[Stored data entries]
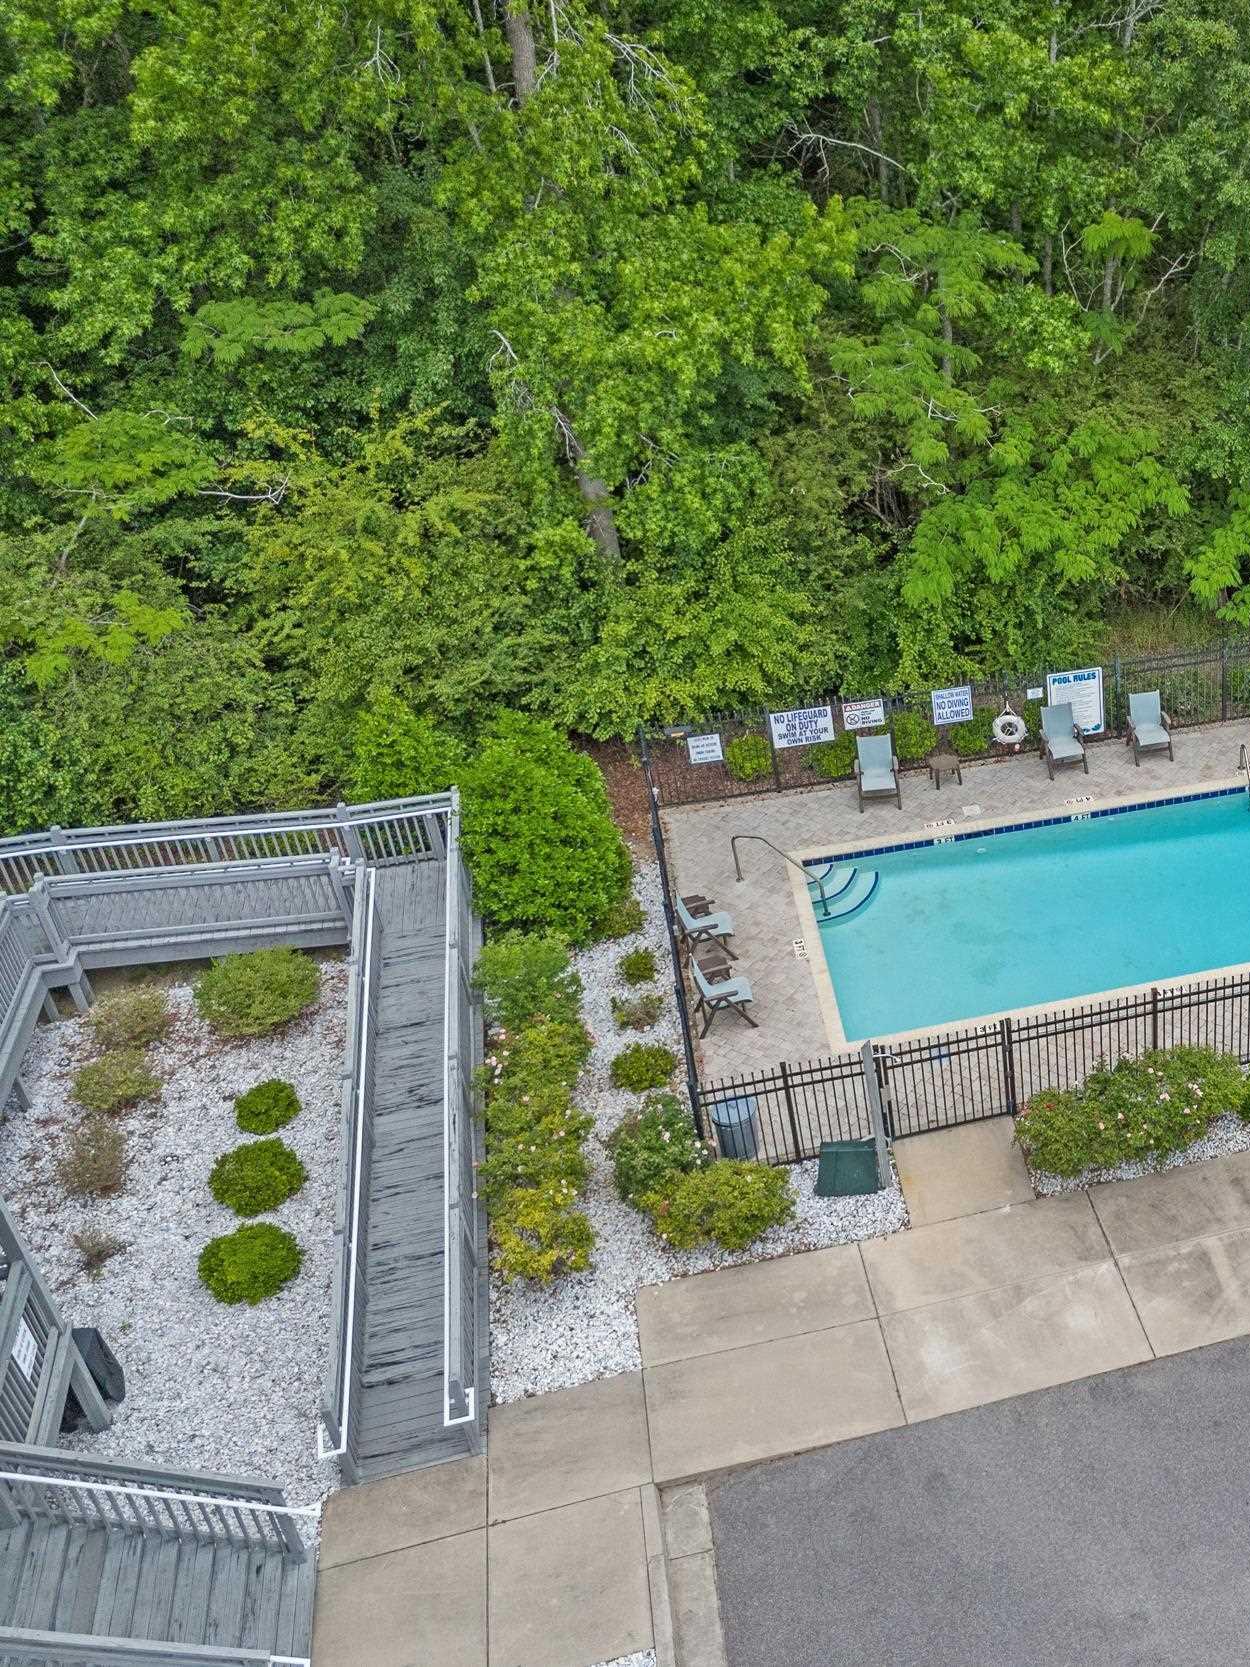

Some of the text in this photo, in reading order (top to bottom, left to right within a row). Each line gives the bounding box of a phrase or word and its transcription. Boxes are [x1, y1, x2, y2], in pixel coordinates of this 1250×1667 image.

[1052, 672, 1097, 685] POOL RULES
[936, 697, 969, 711] NO DIVING
[773, 708, 828, 724] NO LIFEGUARD
[937, 707, 970, 721] ALLOWED
[785, 719, 818, 732] ON DUTY
[777, 726, 829, 740] SWIM AT YOUR
[786, 734, 822, 745] OWN RISK
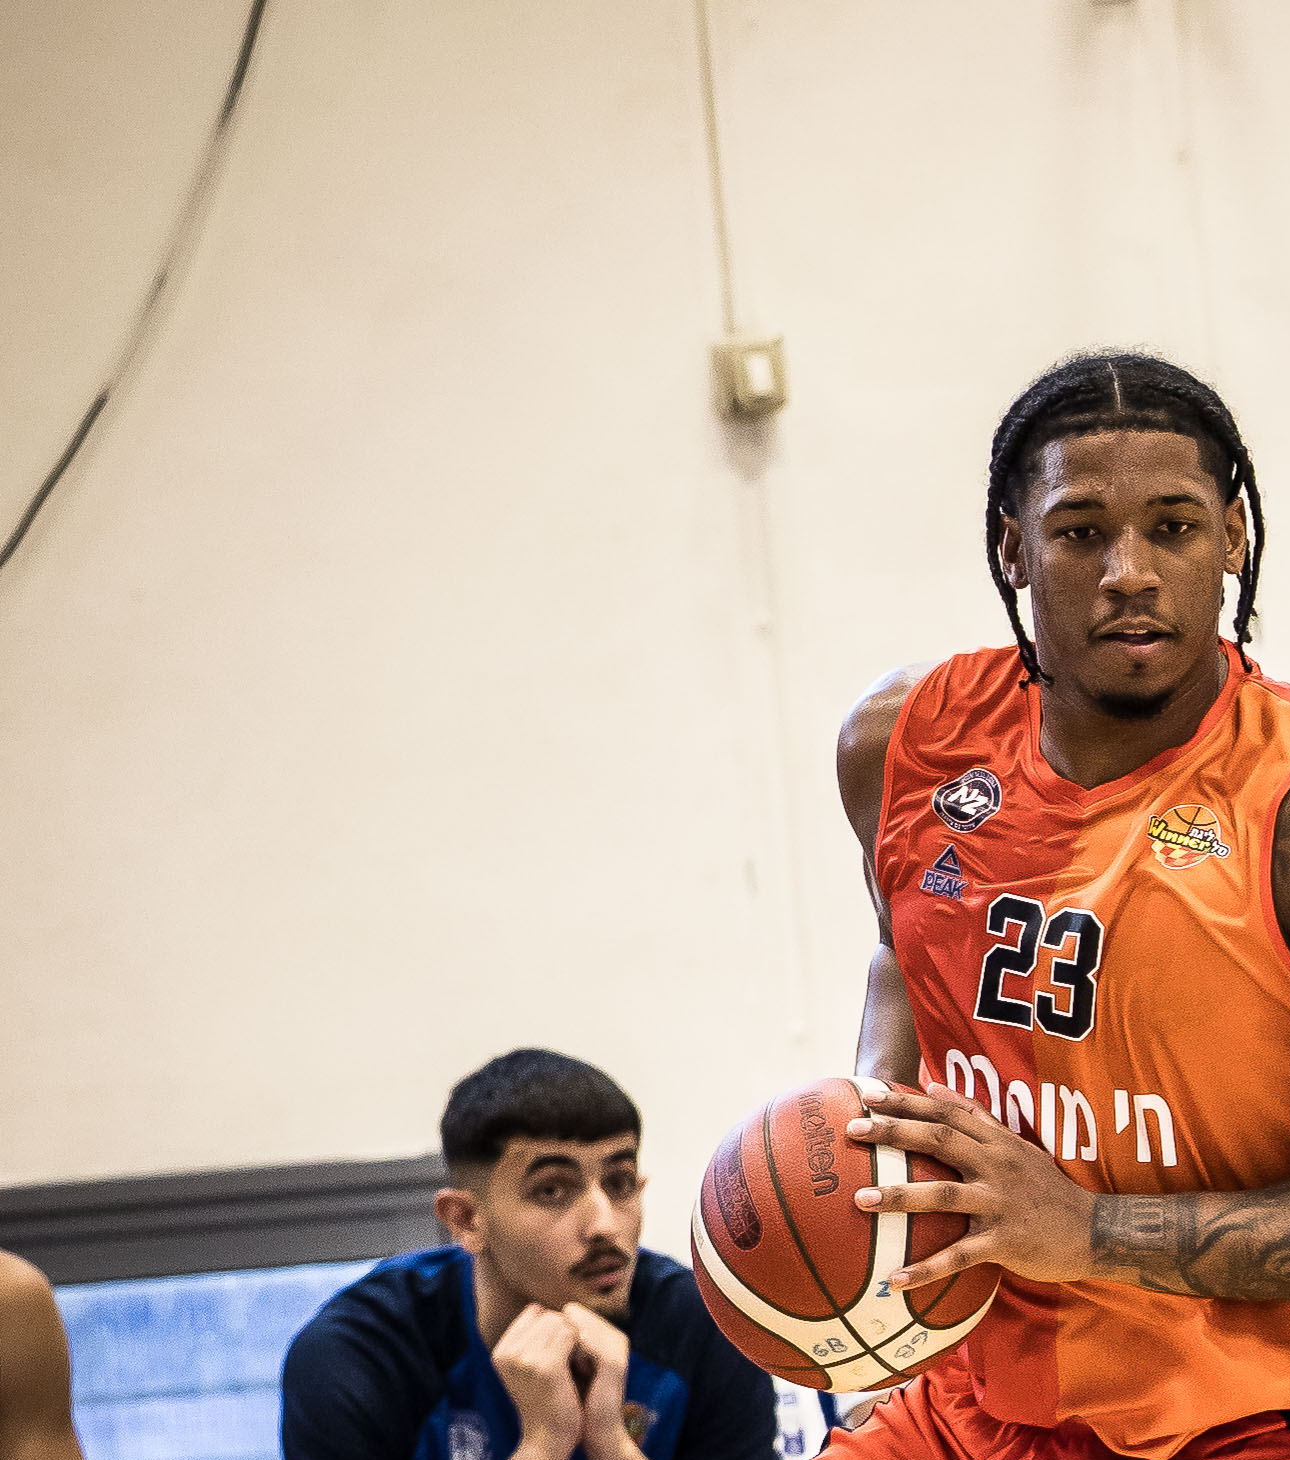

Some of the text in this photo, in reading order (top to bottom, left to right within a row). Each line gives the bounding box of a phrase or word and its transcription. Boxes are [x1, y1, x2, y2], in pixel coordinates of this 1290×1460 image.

[1147, 815, 1213, 852] Winner
[920, 868, 968, 901] PEAK
[972, 892, 1106, 1042] 23
[799, 1090, 840, 1198] molten
[1114, 1088, 1178, 1166] חי

*What you need to do:*
What you output must match the data exactly, apart from the pictures, which are left out.

*Expected answer:*
Some of the text in this photo, in reading order (top to bottom, left to right within a row). Each line gives the bounding box of a phrase or word and its transcription. Boxes are [x1, y1, x2, y2], in pixel coordinates of this 1250×1667 image.

[1052, 672, 1097, 685] POOL RULES
[936, 697, 969, 711] NO DIVING
[773, 708, 828, 724] NO LIFEGUARD
[937, 707, 970, 721] ALLOWED
[785, 719, 818, 732] ON DUTY
[777, 726, 829, 740] SWIM AT YOUR
[786, 734, 822, 745] OWN RISK

Some of the text in this photo, in reading order (top to bottom, left to right within a row). Each line gives the bounding box of a phrase or word and its transcription. Boxes are [x1, y1, x2, y2], in pixel coordinates of this 1290×1460 image.

[1147, 815, 1213, 852] Winner
[920, 868, 968, 901] PEAK
[972, 892, 1106, 1042] 23
[799, 1090, 840, 1198] molten
[1114, 1088, 1178, 1166] חי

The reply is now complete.